Rian Evans 

Koyaanisqatsi

Millennium Centre, Cardiff
  
  


No one could accuse the Wales Millennium Centre of being parochial as it celebrates its first anniversary. Rather, the programmers have opted for a global gesture by presenting Godfrey Reggio's cult trilogy - Koyaanisqatsi, Powaqqatsi and Naqoyqatsi - on successive nights, with Philip Glass and his ensemble playing his film score on stage. And they have stolen a march on San Francisco's Davies Symphony Hall, who do the same in February.

Whether a screening plus concert performance can legitimately be called a new kind of event is questionable. Nevertheless, looking at what Reggio offers with new eyes is salutary. Many of Koyaanisqatsi's mages are startlingly potent 23 years on, as the world's strange beauties are juxtaposed with mankind's violation of his environment. Little has changed - certainly not the razed site of St Louis' Pruitt-Igoe housing blocks, whose demolition in the 1970s seemed to carry on exploding in the mind.

The parallel experience of image and music was fundamental to the Reggio/Glass concept. Hearing the score resonate live reinforced its immediacy, with Michael Riesman directing. Glass himself took the bass line, which, even more than the insistent rhythmic patterns, roots the sound with the visuals.
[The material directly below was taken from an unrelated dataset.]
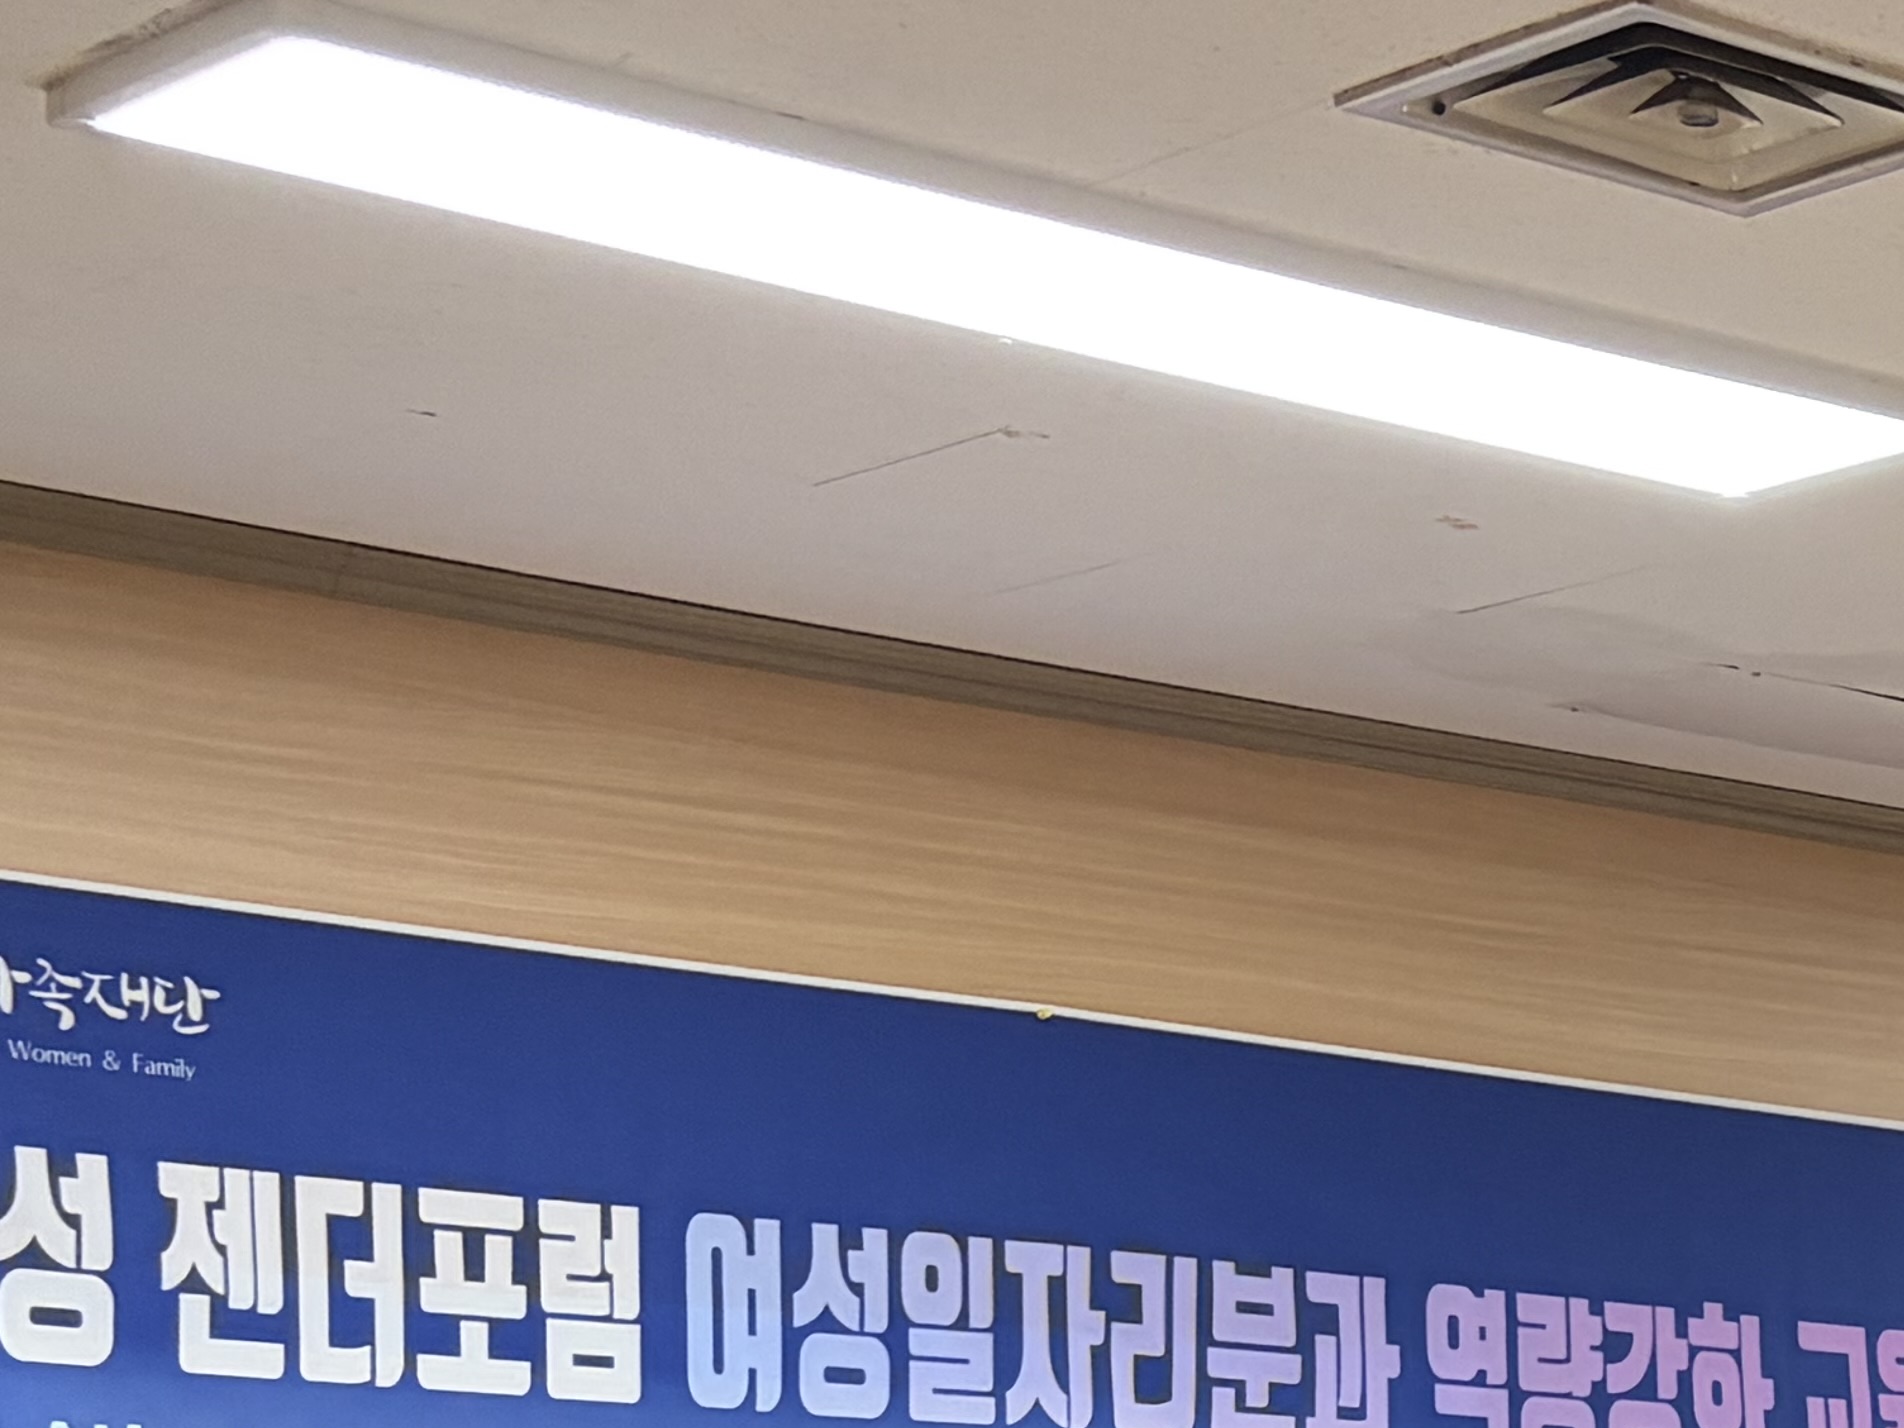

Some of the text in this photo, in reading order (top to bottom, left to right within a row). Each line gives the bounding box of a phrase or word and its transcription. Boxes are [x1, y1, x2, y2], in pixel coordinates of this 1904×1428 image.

[7, 1039, 91, 1072] Women
[131, 1051, 197, 1082] Family
[157, 1159, 644, 1405] 젠더포럼
If the artificiality of the electronics occasionally tipped the scales, the effect of the voices, seeming to intercede on behalf of the silent faces on screen, was altogether more haunting.

Koyaanisqatsi was already being filmed when the first world climate conference was held in Geneva in 1979. Perhaps the most sobering aspect of this evening was knowing that, as Montreal confers on the environment now, the pollution and desecration, sometimes masquerading as globalisation, to which Reggio was pointing has since become vastly more problematic.